L’Assemblée générale ordinaire a aussi porté sur l’approbation des rapports moral et financier de l’exercice 2018, tout en évoquant les principaux défis à relever. A ce propos, la nouvelle vision de l’ASMEX porte sur des axes stratégiques prioritaires dont l’accélération de la croissance des exportations, la diversification de l’offre exportable et des marchés à l’export, le développement des exportations des régions, la consolidation des partenariats internationaux et le renforcement du positionnement de l’ASMEX en tant qu’interlocuteur privilégié des toutes les parties prenantes de l’export.

Export, un potentiel inexploité
de 15 milliards de Dhs
En marge de cette rencontre, les membres de l’ASMEX ont passé en revue les constats issus des premiers résultats de l’étude sur l’offre exportable nationale.

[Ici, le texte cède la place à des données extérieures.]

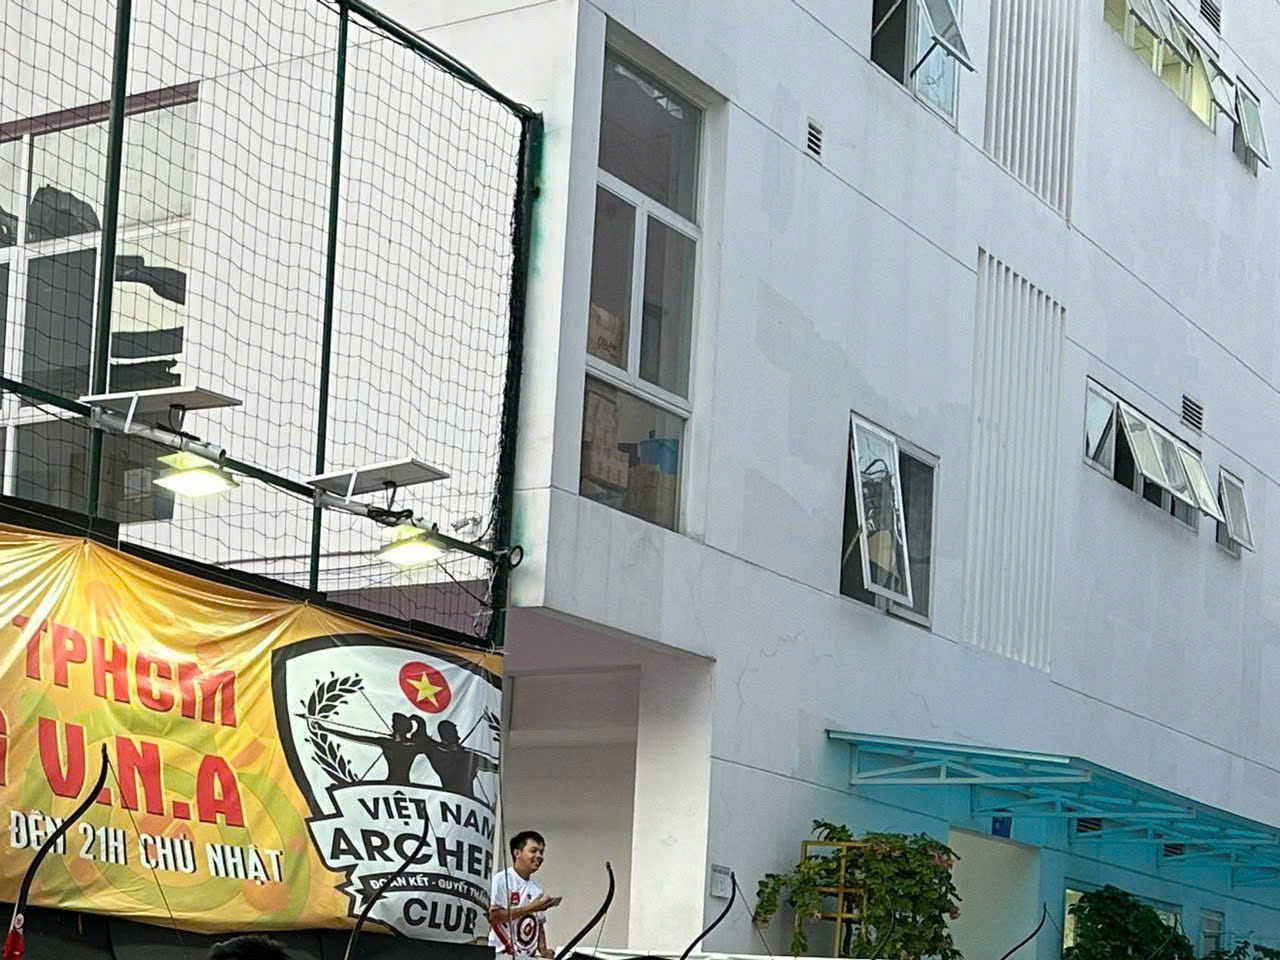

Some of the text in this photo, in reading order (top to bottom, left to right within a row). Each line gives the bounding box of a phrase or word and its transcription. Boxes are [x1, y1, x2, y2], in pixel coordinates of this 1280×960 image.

[12, 613, 237, 728] TPHCM
[357, 790, 426, 826] VIỆT
[79, 822, 128, 866] 21H
[205, 843, 284, 885] NHẬT
[403, 898, 477, 935] CLUB
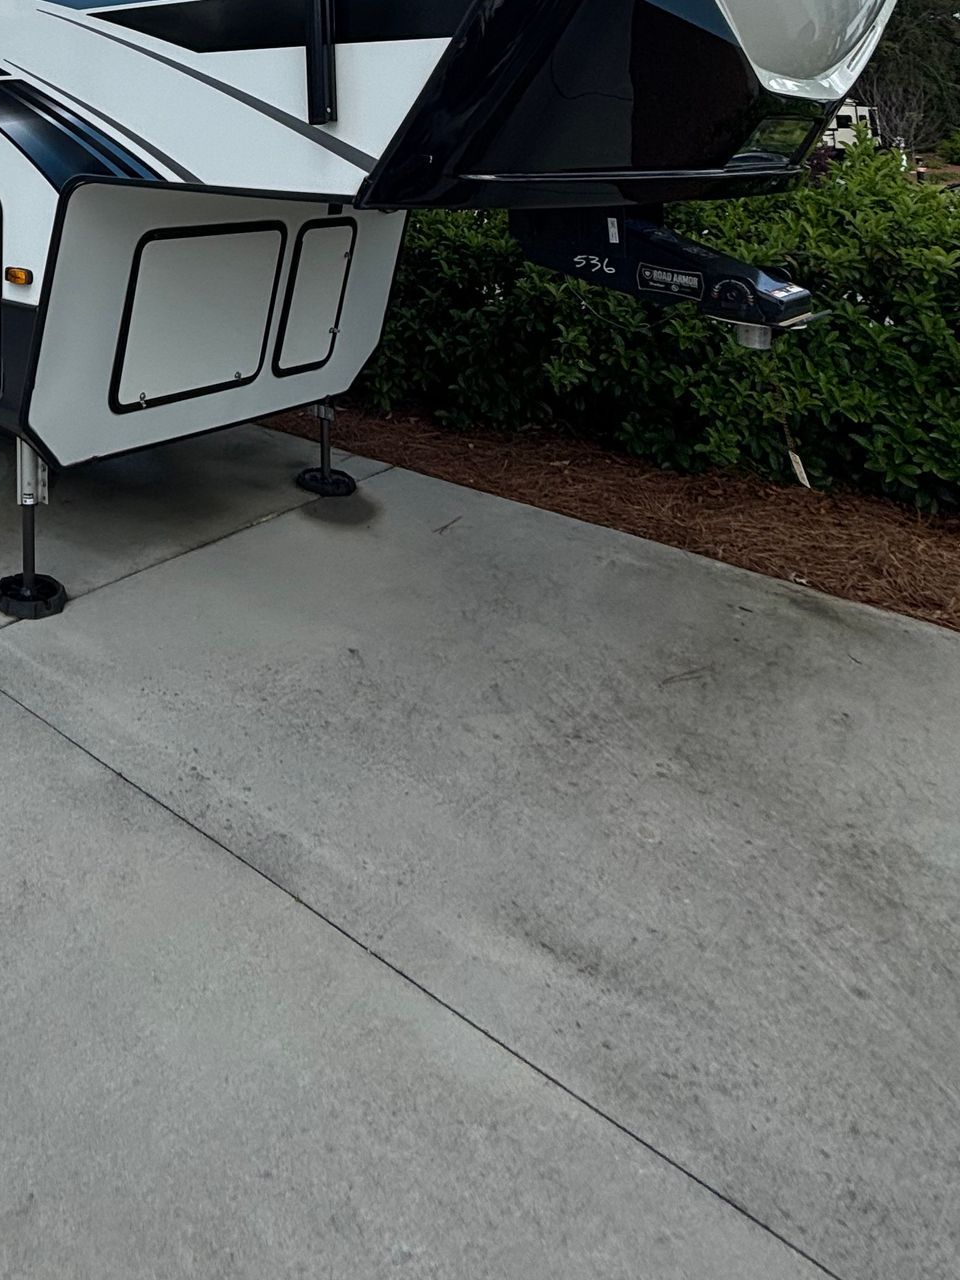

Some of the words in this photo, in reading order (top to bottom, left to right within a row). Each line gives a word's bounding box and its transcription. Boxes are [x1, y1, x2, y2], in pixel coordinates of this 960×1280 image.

[573, 255, 616, 274] 536
[652, 270, 672, 282] ROAD
[673, 273, 699, 288] ARMOR

En premier lieu, vient la faible représentativité des exportations marocaines dans les échanges mondiaux avec une balance déficitaire avec les pays signataires d’un accord de libre-échange avec le Maroc.
« Nous avons très peu de sociétés exportatrices au Maroc. 50 % des sociétés qui font de l’export, ont une durée de vie très limitée », déplore Mohamed Essaâdi. Les membres de l’ASMEX  ont, toutefois, relevé que l’offre exportable nationale est en croissance continue malgré une forte concentration des exportateurs sur l’axe Casa-Rabat et un centrage sur les partenaires classiques tels que la France et l’Espagne. Le potentiel inexploité a été estimé à 15 milliards de dirhams.

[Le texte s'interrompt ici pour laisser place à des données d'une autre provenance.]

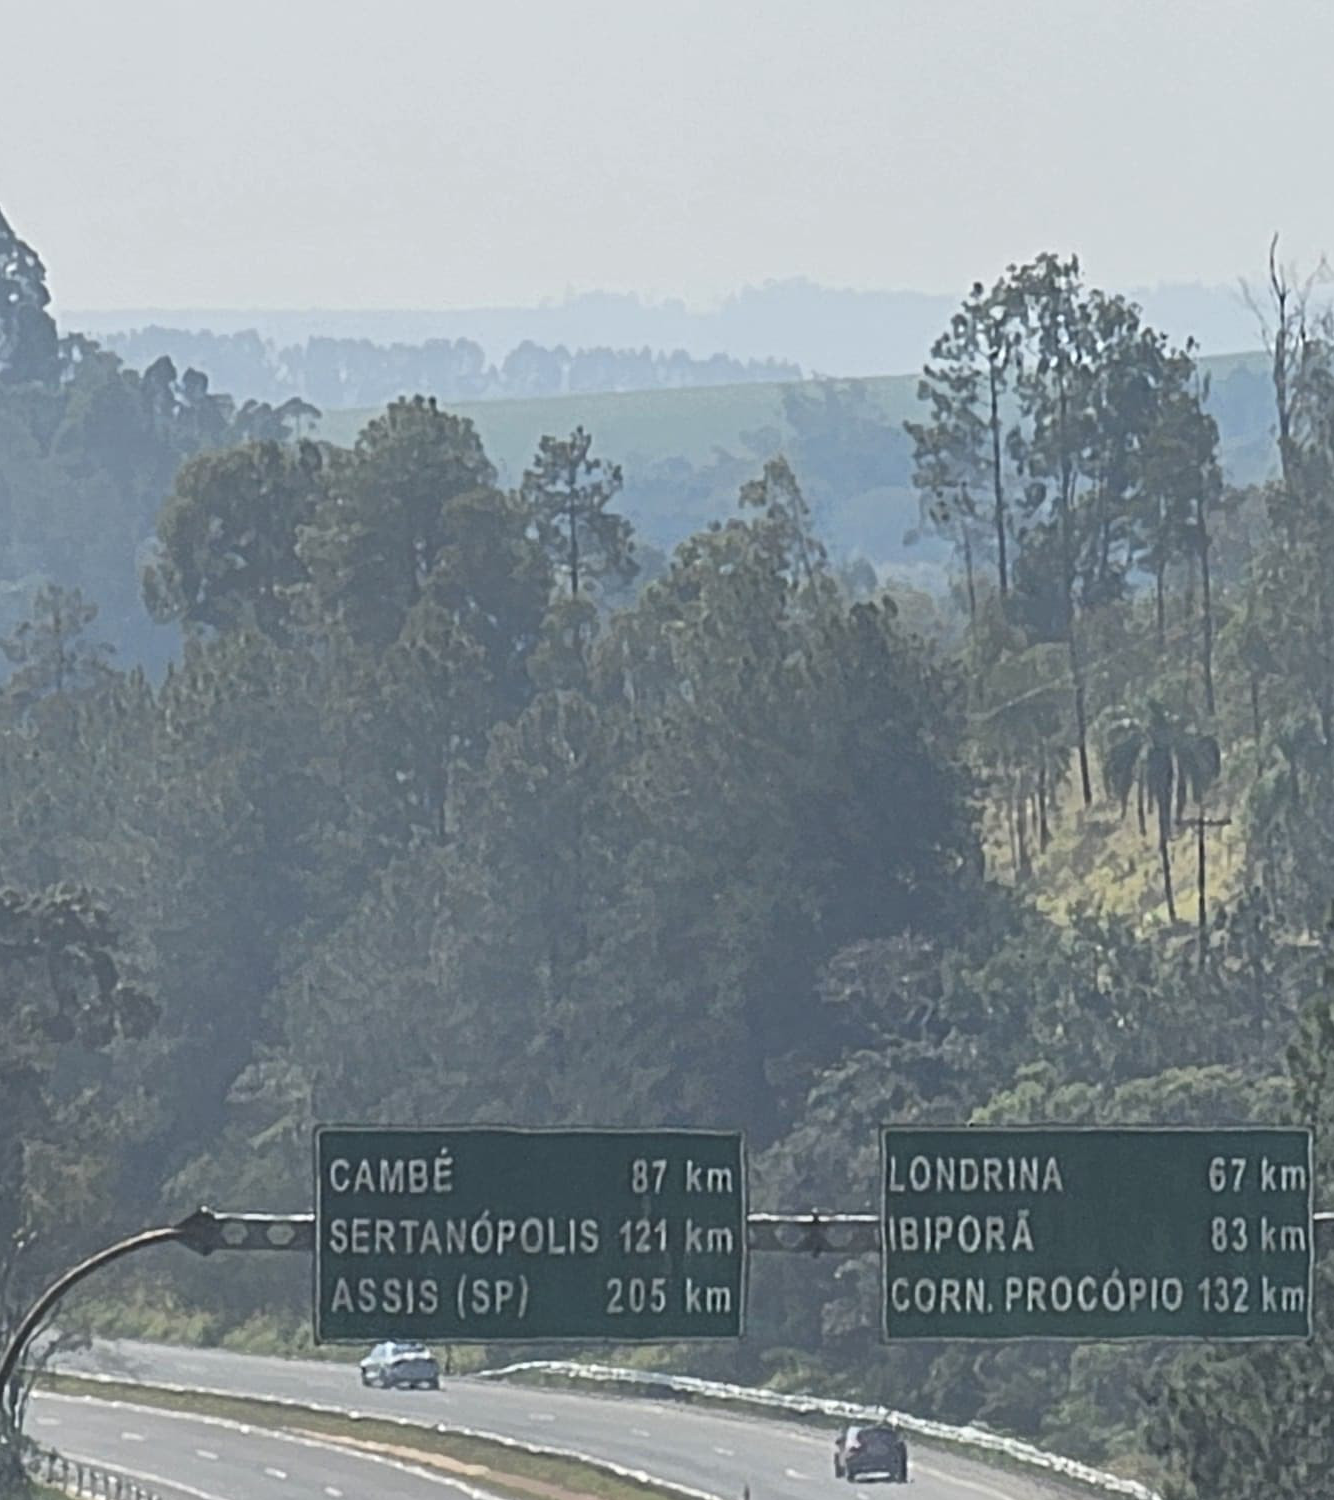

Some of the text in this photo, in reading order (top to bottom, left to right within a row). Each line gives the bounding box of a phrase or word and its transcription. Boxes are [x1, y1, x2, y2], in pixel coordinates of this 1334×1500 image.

[329, 1148, 734, 1194] CAMBÉ 87 km
[889, 1156, 1307, 1193] LONDRINA 67 km
[329, 1211, 734, 1254] SERTANÓPOLIS 121 km
[889, 1209, 1307, 1253] IBIPORÃ 83 km
[331, 1273, 733, 1319] ASSIS (SP) 205 km
[891, 1267, 1306, 1314] CORN. PROCÓPIO 132 km

L’ASMEX a par ailleurs présenté sa feuille de route à l’horizon 2025 qui émane de sa nouvelle vision intitulée « Pour une prospérité durable par l’export ». Plusieurs actions ont été prévues pour l’accélération de la mise en œuvre de cette feuille de route, dont notamment le déploiement des recommandations de l’étude sur l’offre exportable, l’intégration des fédérations sectorielles dans les structures de l’association et la mise en marche du Comité de Pilotage des Exportations (COPEX) et de la compétitivité dans le cadre d’un Partenariat Public-Privé. S’ajoute à cela l’accélération du chantier de la dématérialisation des procédures de l’export en partenariat avec les organismes concernés dont principalement et entre autres la Douane, l’Agence nationale des ports, le ministère de l'Industrie, de l'investissement, du Commerce et de l’Economie numérique, l'ONSSA et le guichet unique national des procédures du commerce extérieur « Portnet ».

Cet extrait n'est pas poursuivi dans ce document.